■ PROBLEM DESCRIPTION: Go to the line that contains "this 1440×1280 image.". Restate that line and each one after it exactly, through the end of the records, without pictures.
:: DATA FOR ANALYSIS
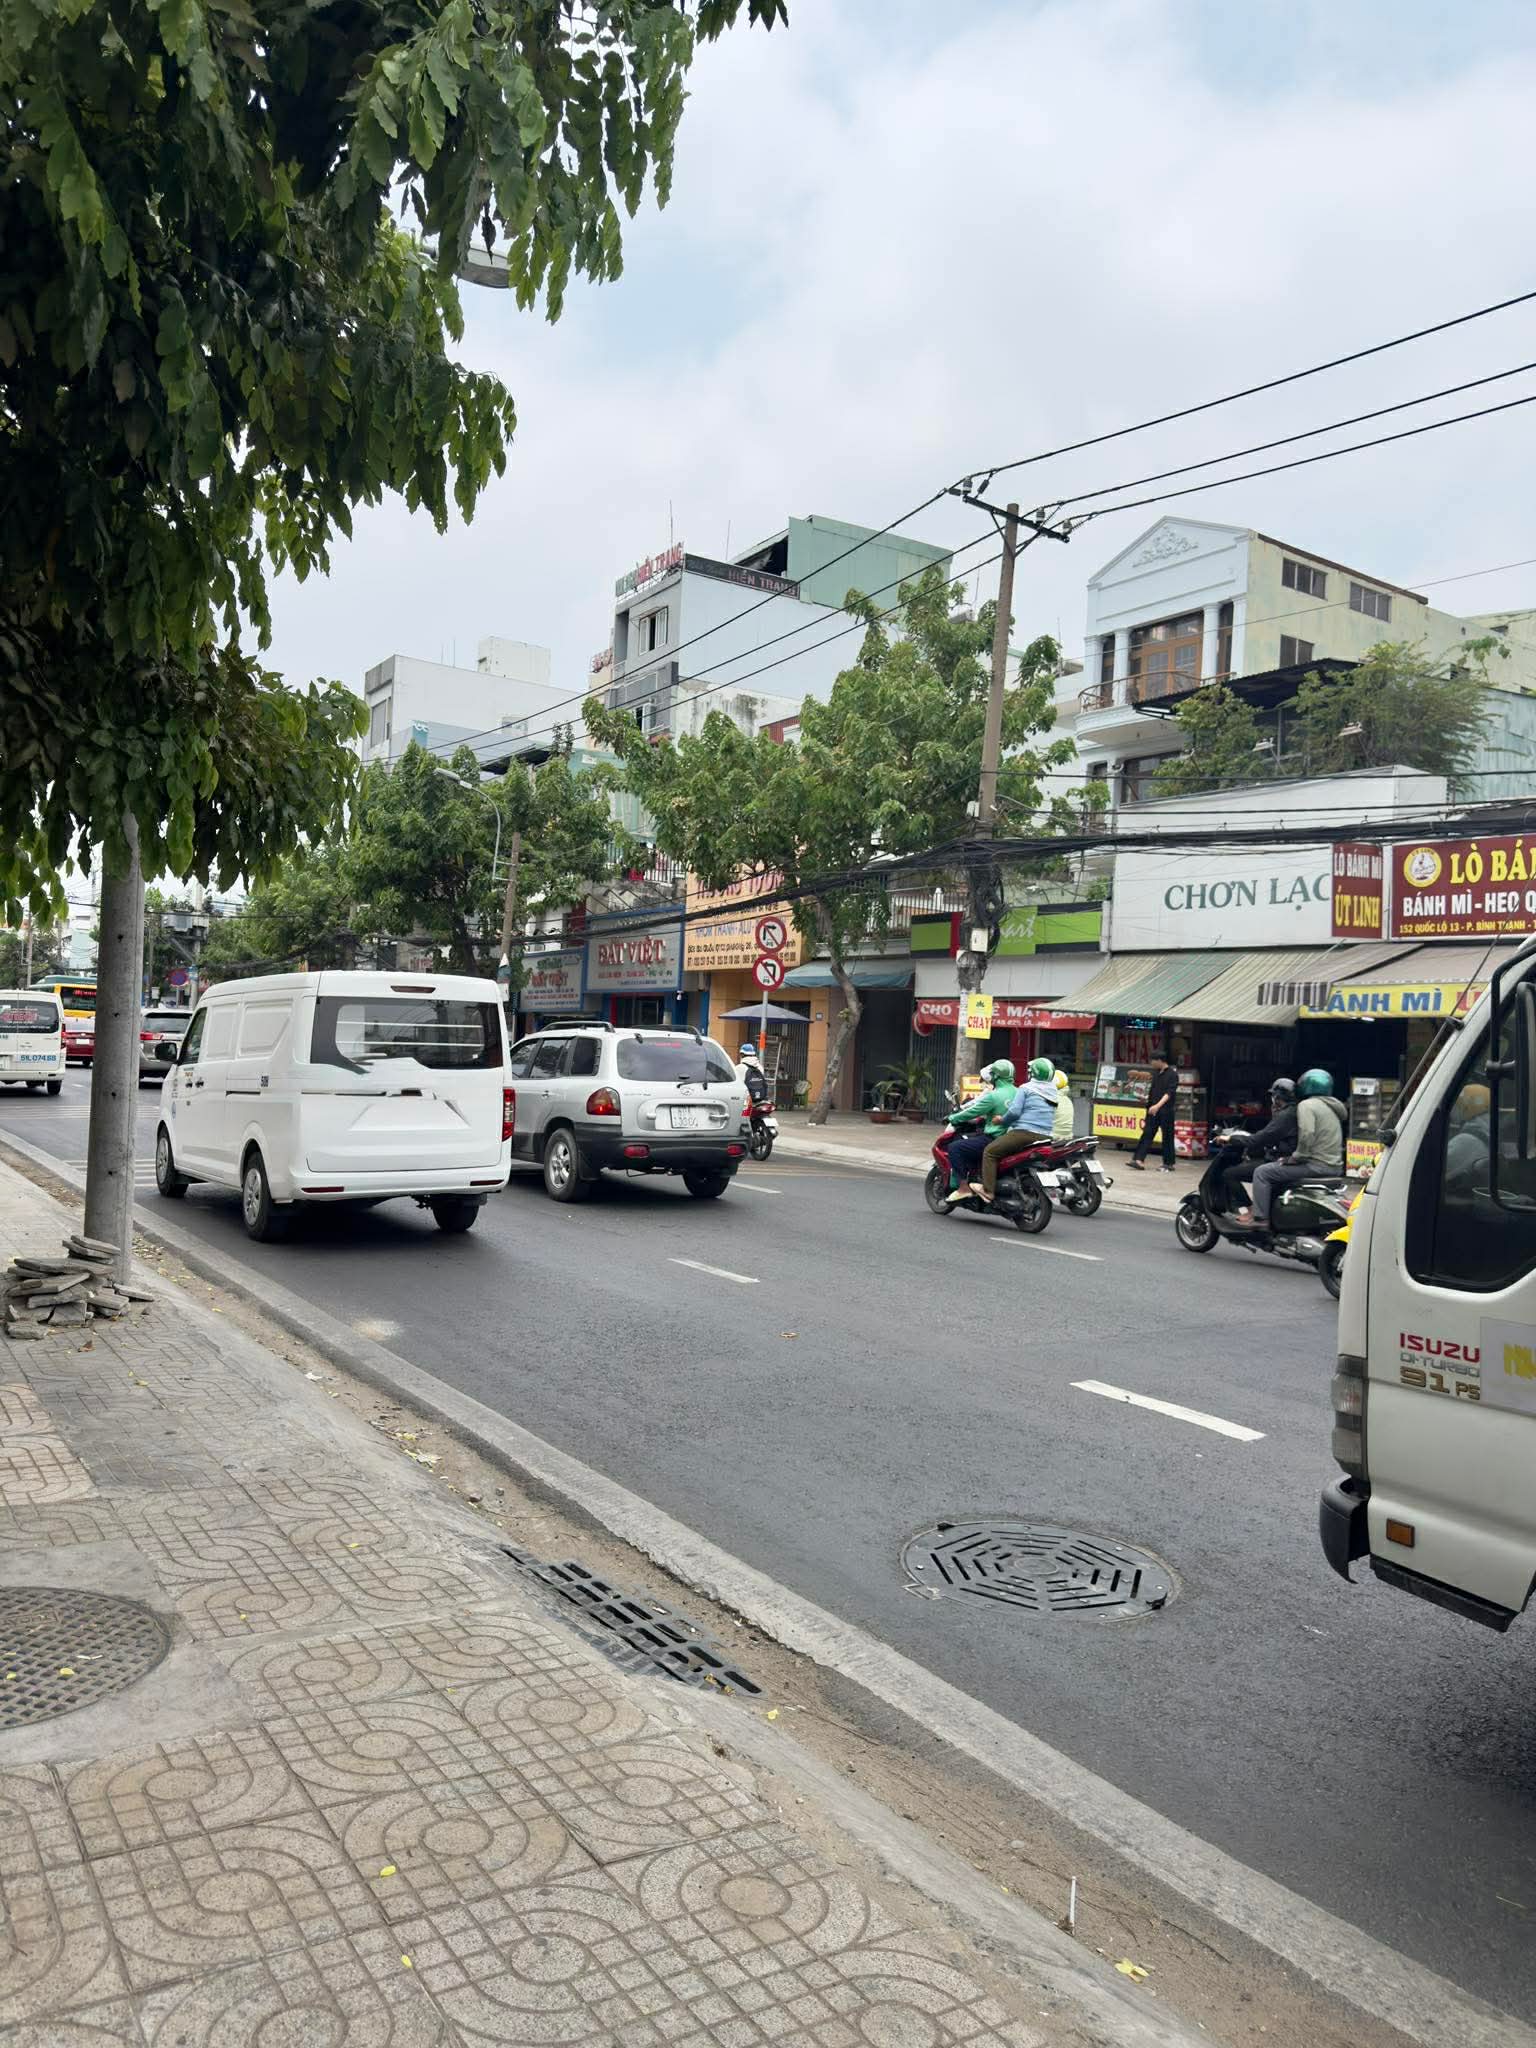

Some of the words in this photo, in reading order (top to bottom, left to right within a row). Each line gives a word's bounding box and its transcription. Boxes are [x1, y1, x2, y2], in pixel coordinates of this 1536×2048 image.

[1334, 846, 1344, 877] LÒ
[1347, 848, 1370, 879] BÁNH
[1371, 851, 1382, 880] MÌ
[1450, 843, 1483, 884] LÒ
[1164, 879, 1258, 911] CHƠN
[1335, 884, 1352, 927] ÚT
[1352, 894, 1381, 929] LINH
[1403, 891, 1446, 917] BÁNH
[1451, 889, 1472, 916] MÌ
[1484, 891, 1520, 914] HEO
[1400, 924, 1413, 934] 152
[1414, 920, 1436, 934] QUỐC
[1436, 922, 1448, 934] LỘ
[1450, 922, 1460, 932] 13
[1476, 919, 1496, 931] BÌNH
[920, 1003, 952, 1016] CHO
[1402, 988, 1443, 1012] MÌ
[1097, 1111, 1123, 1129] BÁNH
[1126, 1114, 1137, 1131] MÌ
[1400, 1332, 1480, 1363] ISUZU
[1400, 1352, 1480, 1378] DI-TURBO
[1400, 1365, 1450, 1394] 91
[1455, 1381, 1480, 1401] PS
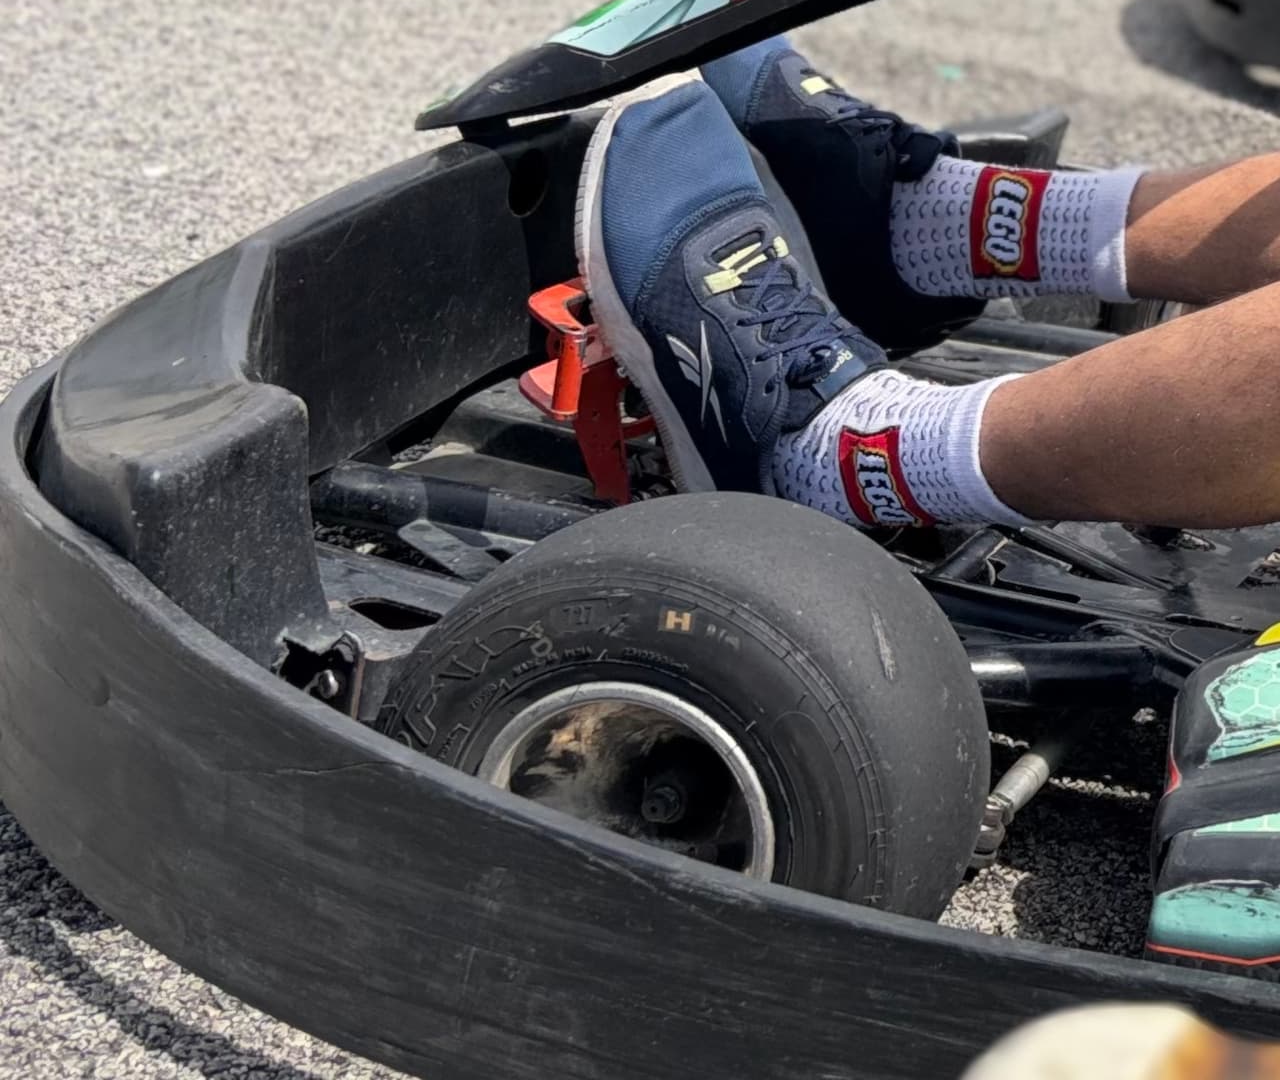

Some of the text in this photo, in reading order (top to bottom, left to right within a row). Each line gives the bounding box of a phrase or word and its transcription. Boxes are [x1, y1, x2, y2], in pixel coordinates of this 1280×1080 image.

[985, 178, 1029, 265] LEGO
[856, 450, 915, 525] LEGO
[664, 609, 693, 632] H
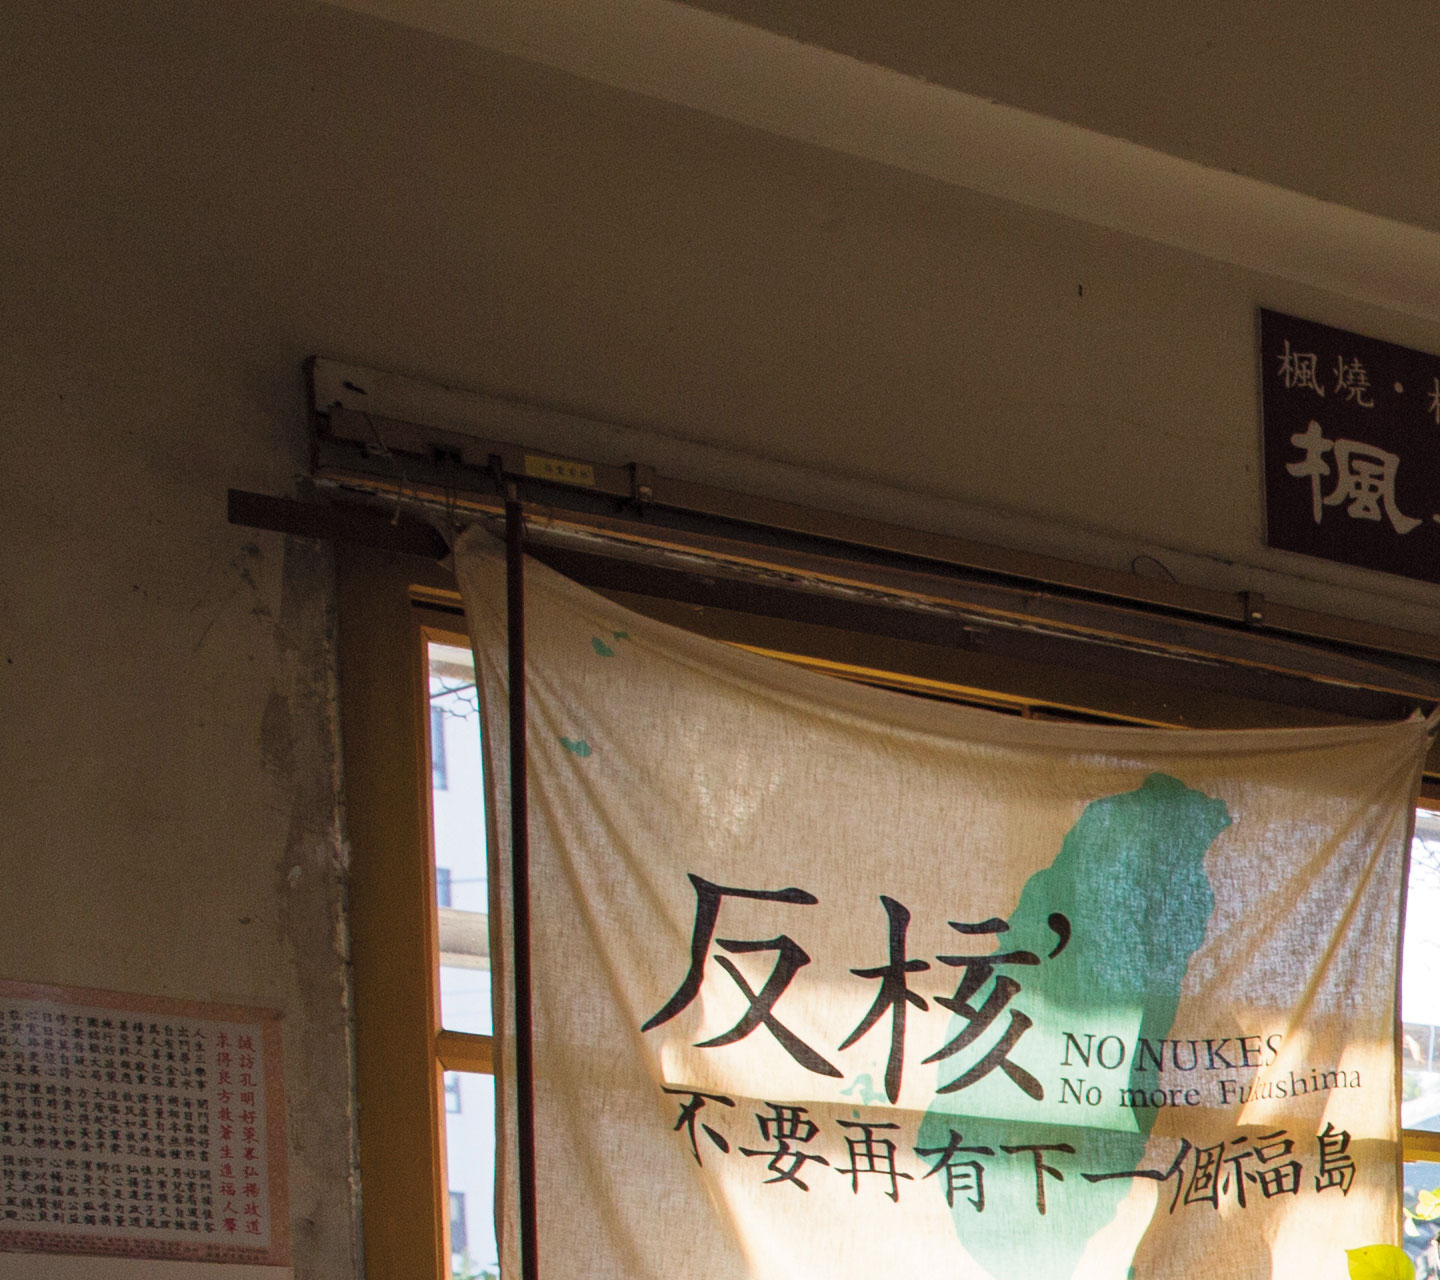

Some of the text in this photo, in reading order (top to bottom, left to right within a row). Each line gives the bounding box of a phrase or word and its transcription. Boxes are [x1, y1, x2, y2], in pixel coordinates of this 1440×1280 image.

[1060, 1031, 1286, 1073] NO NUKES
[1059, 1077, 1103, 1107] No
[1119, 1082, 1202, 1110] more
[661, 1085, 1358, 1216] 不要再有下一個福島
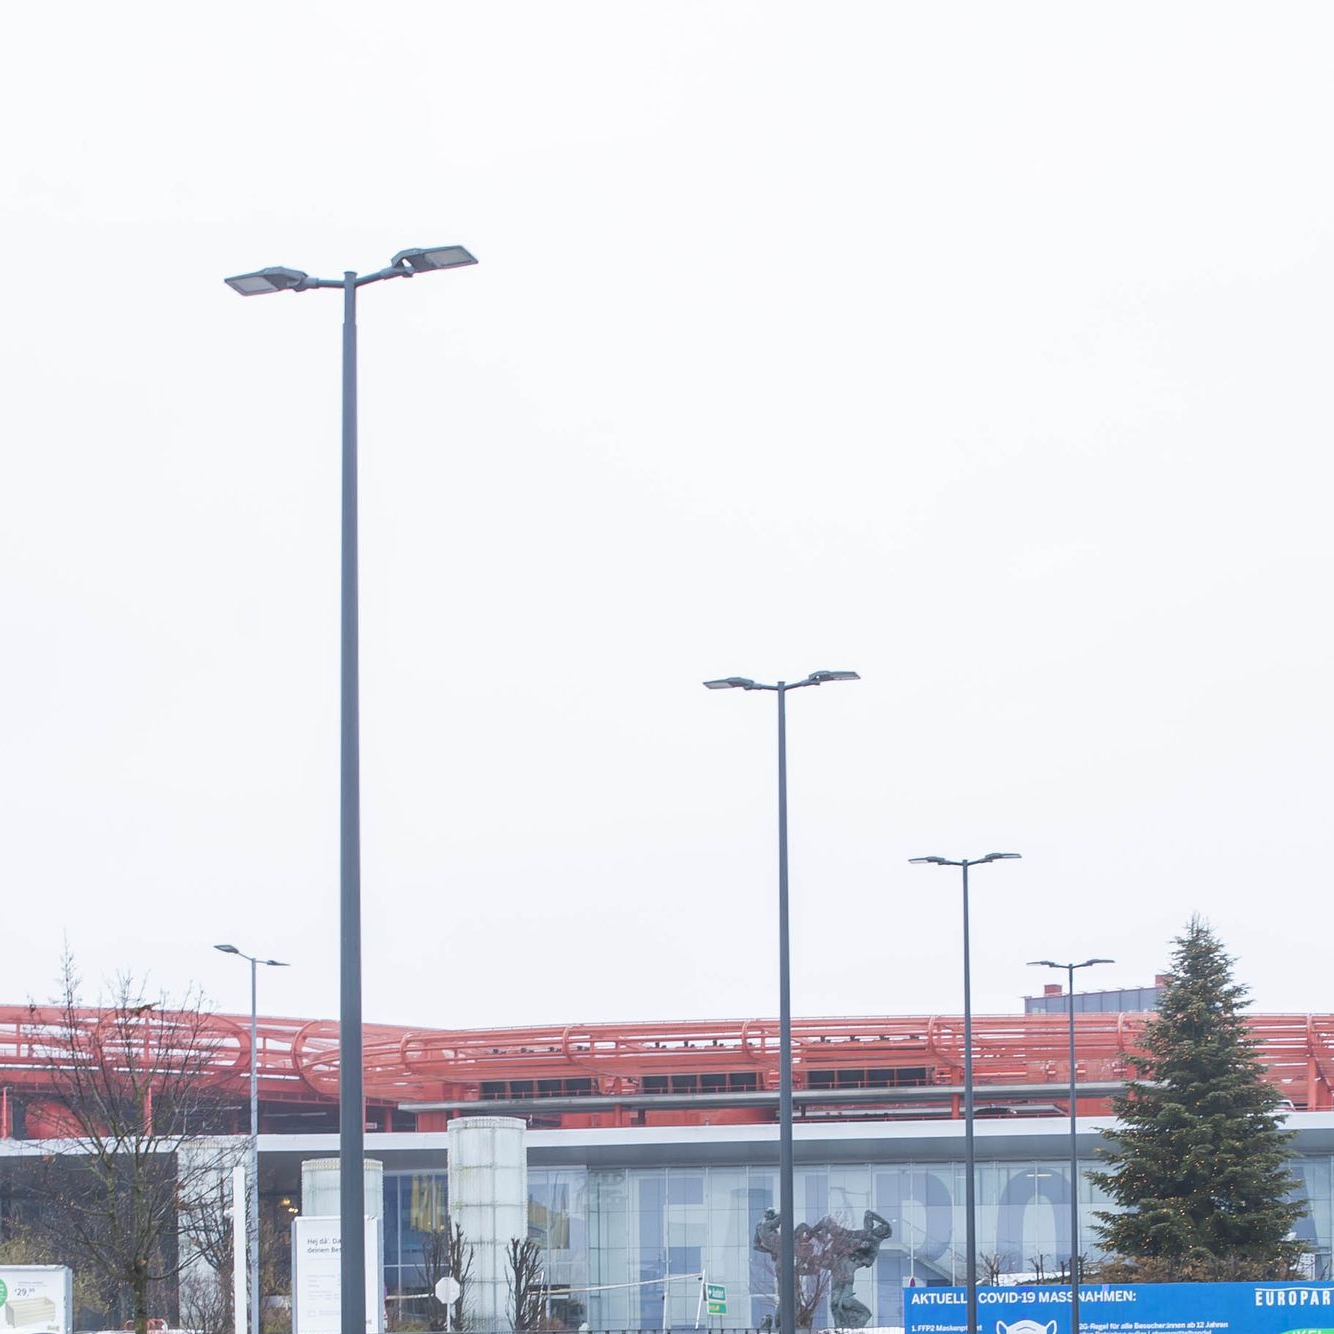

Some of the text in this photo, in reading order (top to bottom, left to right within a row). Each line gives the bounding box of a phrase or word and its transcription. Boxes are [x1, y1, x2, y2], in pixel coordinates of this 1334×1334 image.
::::
■ TASK SOLUTION:
Some of the text in this photo, in reading order (top to bottom, left to right within a row). Each line gives the bounding box of a phrase or word and its transcription. Boxes are [x1, y1, x2, y2], in pixel coordinates of this 1440×1280 image.

[1060, 1031, 1286, 1073] NO NUKES
[1059, 1077, 1103, 1107] No
[1119, 1082, 1202, 1110] more
[661, 1085, 1358, 1216] 不要再有下一個福島

Some of the text in this photo, in reading order (top to bottom, left to right within a row). Each line gives the bounding box of a phrase or word and its transcription. Boxes are [x1, y1, x2, y2], in pixel coordinates of this 1334×1334 image.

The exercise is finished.